> [What this task involves] Set down each record that follows exactly. Drop the images.

> [Records to use]
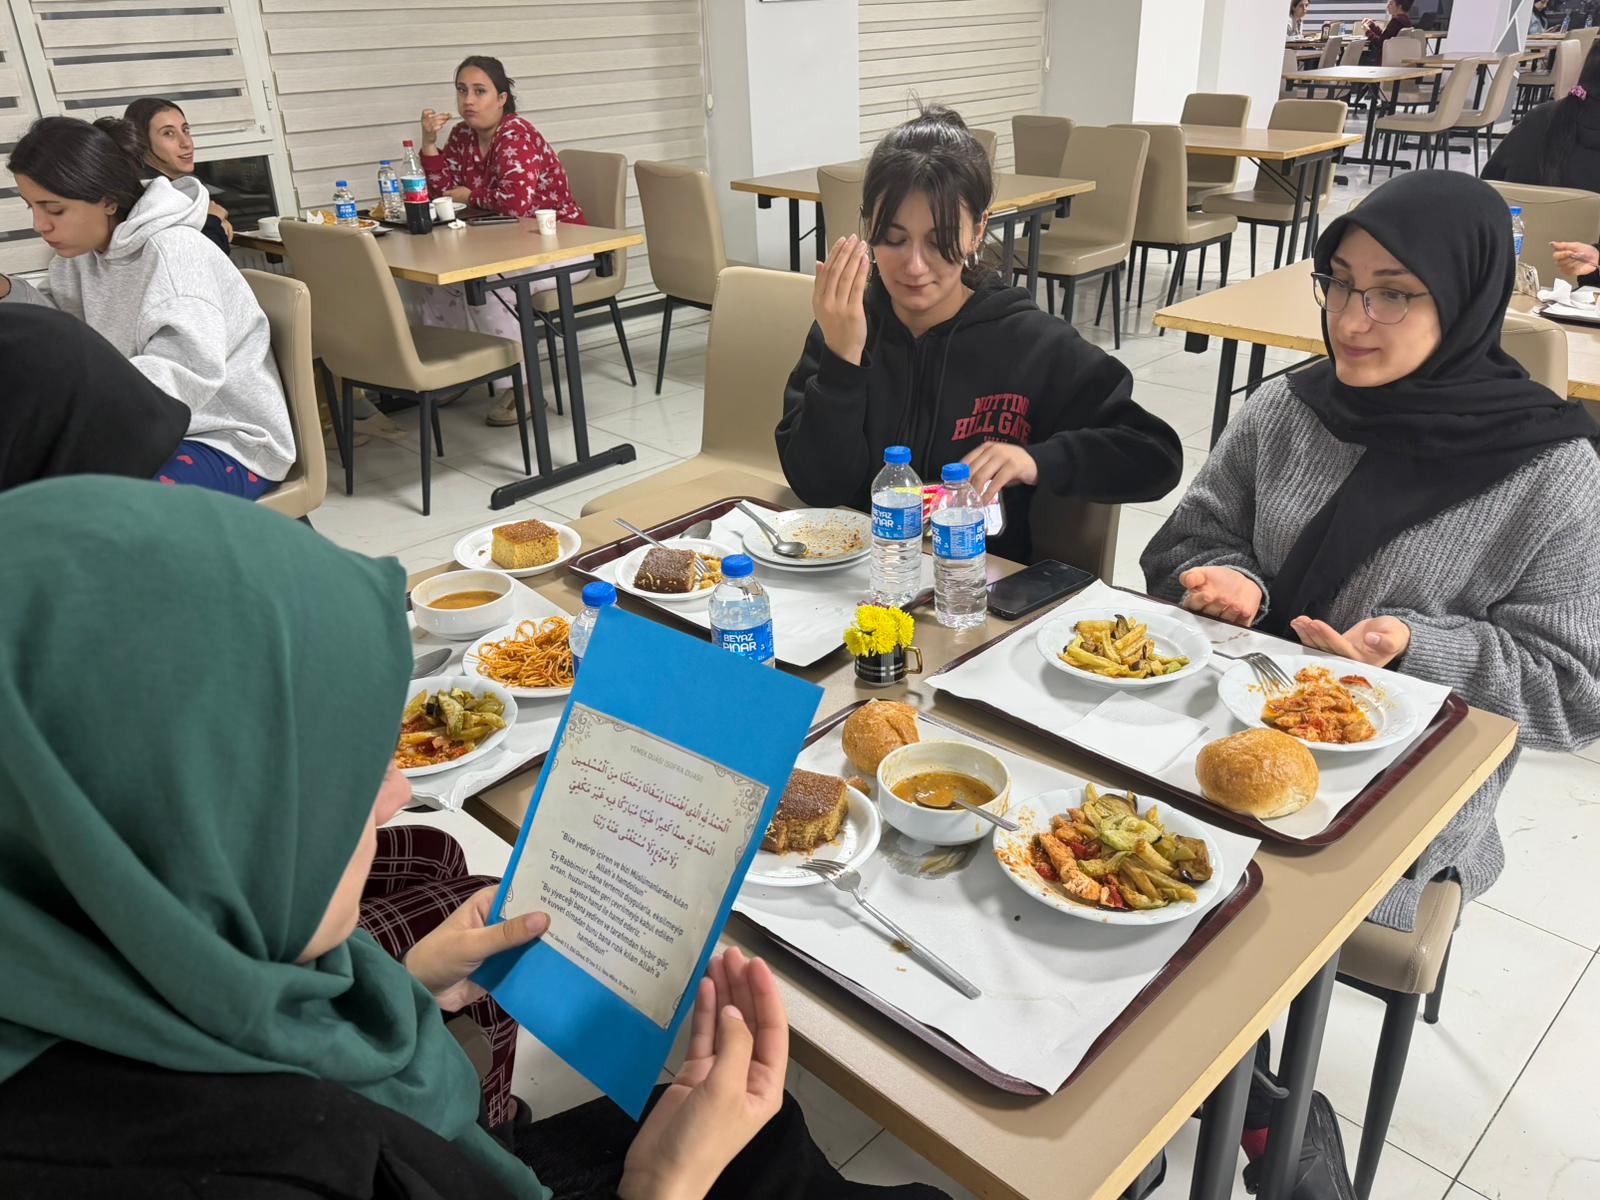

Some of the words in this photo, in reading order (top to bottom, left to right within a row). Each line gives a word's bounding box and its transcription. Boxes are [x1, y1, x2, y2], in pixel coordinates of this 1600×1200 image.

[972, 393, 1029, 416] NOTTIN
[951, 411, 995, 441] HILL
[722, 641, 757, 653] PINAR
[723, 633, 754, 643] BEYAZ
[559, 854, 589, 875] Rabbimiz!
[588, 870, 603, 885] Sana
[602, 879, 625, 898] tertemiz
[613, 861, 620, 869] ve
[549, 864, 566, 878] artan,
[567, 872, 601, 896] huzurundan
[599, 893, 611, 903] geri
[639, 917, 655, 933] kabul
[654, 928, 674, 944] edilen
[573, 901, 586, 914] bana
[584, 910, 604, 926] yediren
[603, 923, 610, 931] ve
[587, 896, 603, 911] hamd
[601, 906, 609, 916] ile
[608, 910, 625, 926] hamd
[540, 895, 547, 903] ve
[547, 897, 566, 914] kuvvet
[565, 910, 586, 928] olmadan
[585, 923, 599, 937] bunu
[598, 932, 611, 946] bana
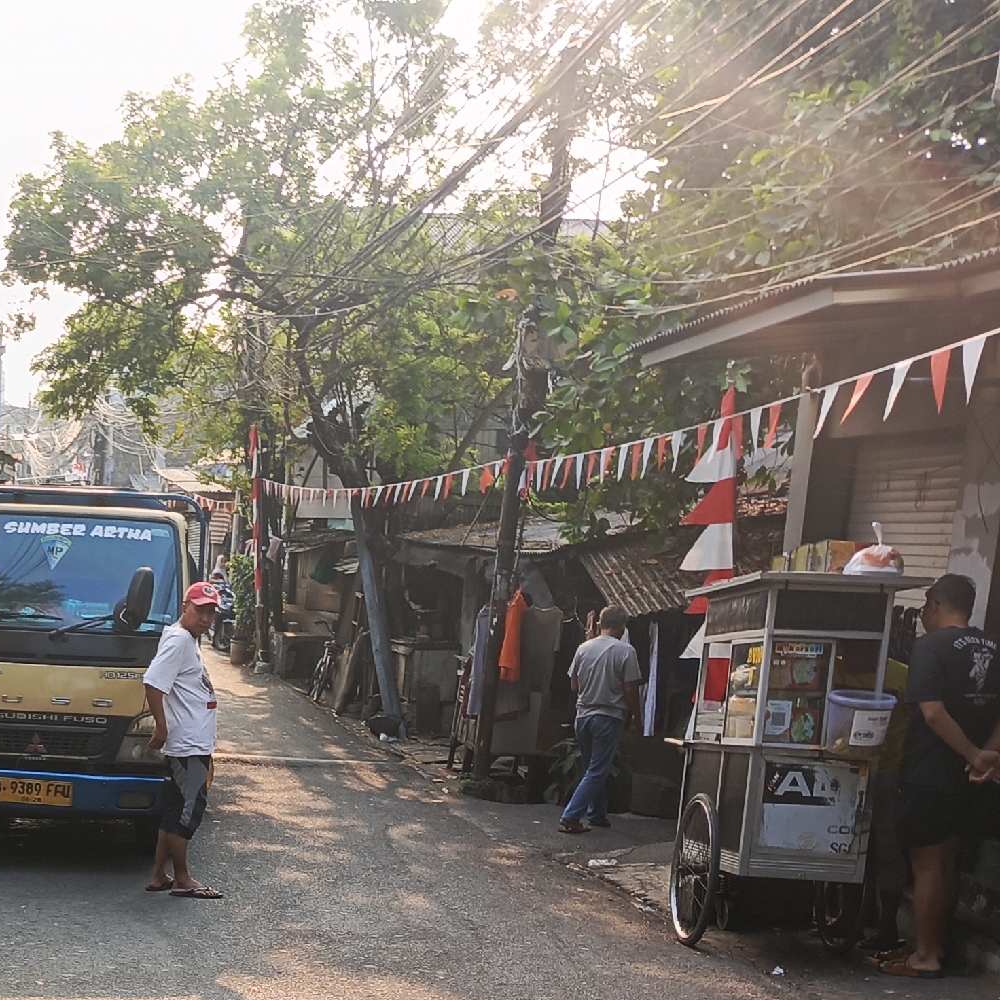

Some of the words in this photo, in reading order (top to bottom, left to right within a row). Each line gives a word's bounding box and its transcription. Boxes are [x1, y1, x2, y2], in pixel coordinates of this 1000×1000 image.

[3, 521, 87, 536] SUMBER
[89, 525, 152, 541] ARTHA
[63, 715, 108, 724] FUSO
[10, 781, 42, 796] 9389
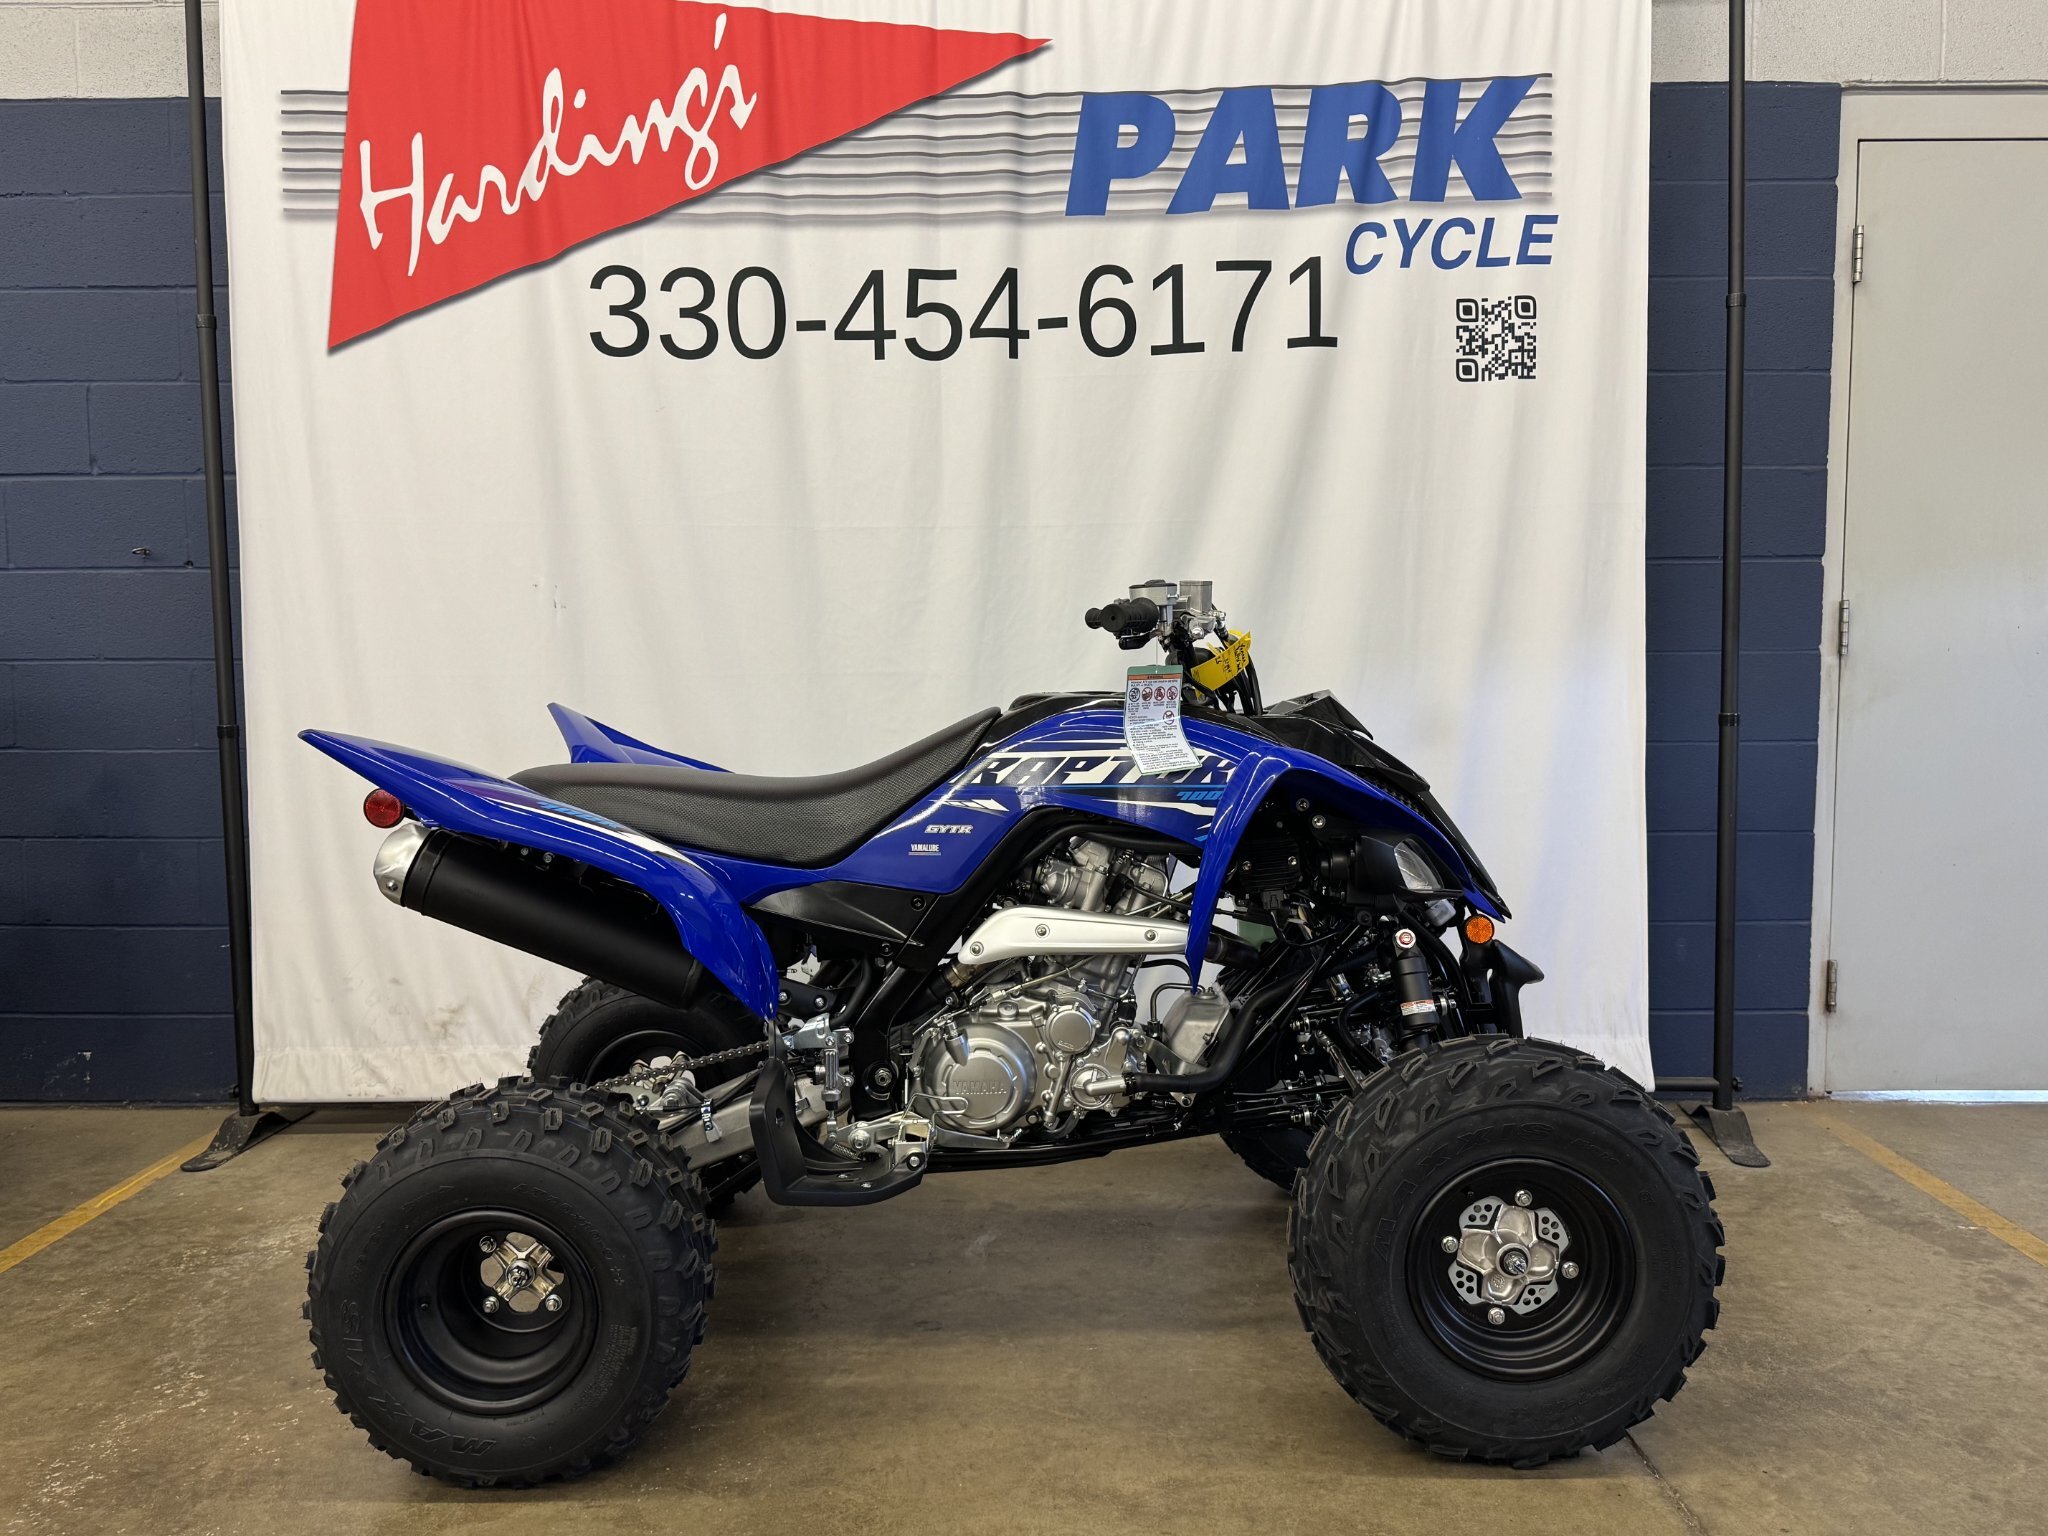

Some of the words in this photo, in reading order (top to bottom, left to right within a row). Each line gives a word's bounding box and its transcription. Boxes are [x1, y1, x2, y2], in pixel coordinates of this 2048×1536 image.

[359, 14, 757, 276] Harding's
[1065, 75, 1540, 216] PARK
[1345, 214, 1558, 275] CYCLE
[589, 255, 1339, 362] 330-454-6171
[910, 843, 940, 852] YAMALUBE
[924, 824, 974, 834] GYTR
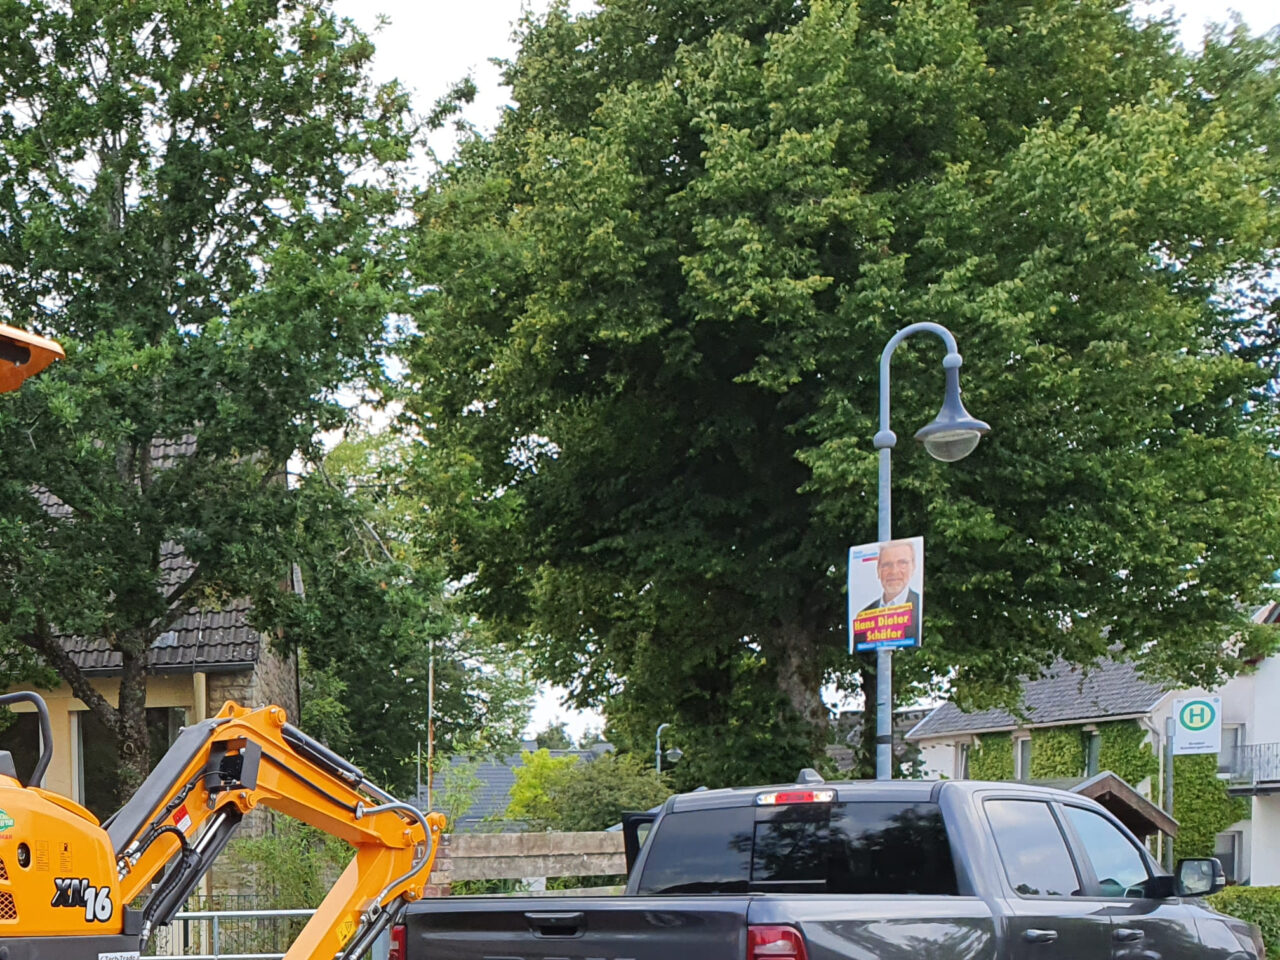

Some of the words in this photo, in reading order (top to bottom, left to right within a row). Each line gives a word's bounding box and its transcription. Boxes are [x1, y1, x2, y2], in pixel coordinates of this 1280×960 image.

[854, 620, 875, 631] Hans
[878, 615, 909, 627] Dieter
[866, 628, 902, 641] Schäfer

> [Written solution]
Some of the words in this photo, in reading order (top to bottom, left to right within a row). Each line gives a word's bounding box and its transcription. Boxes are [x1, y1, x2, y2], in pixel coordinates of this 1600×1200 image.

[972, 393, 1029, 416] NOTTIN
[951, 411, 995, 441] HILL
[722, 641, 757, 653] PINAR
[723, 633, 754, 643] BEYAZ
[559, 854, 589, 875] Rabbimiz!
[588, 870, 603, 885] Sana
[602, 879, 625, 898] tertemiz
[613, 861, 620, 869] ve
[549, 864, 566, 878] artan,
[567, 872, 601, 896] huzurundan
[599, 893, 611, 903] geri
[639, 917, 655, 933] kabul
[654, 928, 674, 944] edilen
[573, 901, 586, 914] bana
[584, 910, 604, 926] yediren
[603, 923, 610, 931] ve
[587, 896, 603, 911] hamd
[601, 906, 609, 916] ile
[608, 910, 625, 926] hamd
[540, 895, 547, 903] ve
[547, 897, 566, 914] kuvvet
[565, 910, 586, 928] olmadan
[585, 923, 599, 937] bunu
[598, 932, 611, 946] bana

Some of the words in this photo, in reading order (top to bottom, left to right within a row). Each line gives a word's bounding box and its transcription. Boxes are [x1, y1, x2, y2], in pixel coordinates of this 1000×1000 image.

[3, 521, 87, 536] SUMBER
[89, 525, 152, 541] ARTHA
[63, 715, 108, 724] FUSO
[10, 781, 42, 796] 9389

Some of the words in this photo, in reading order (top to bottom, left to right within a row). Each line gives a word's bounding box and its transcription. Boxes are [x1, y1, x2, y2], in pixel coordinates of this 2048×1536 image.

[359, 14, 757, 276] Harding's
[1065, 75, 1540, 216] PARK
[1345, 214, 1558, 275] CYCLE
[589, 255, 1339, 362] 330-454-6171
[910, 843, 940, 852] YAMALUBE
[924, 824, 974, 834] GYTR

Some of the words in this photo, in reading order (top to bottom, left to right within a row). Each line gives a word's bounding box and its transcription. Boxes are [x1, y1, x2, y2], in pixel coordinates of this 1280×960 image.

[854, 620, 875, 631] Hans
[878, 615, 909, 627] Dieter
[866, 628, 902, 641] Schäfer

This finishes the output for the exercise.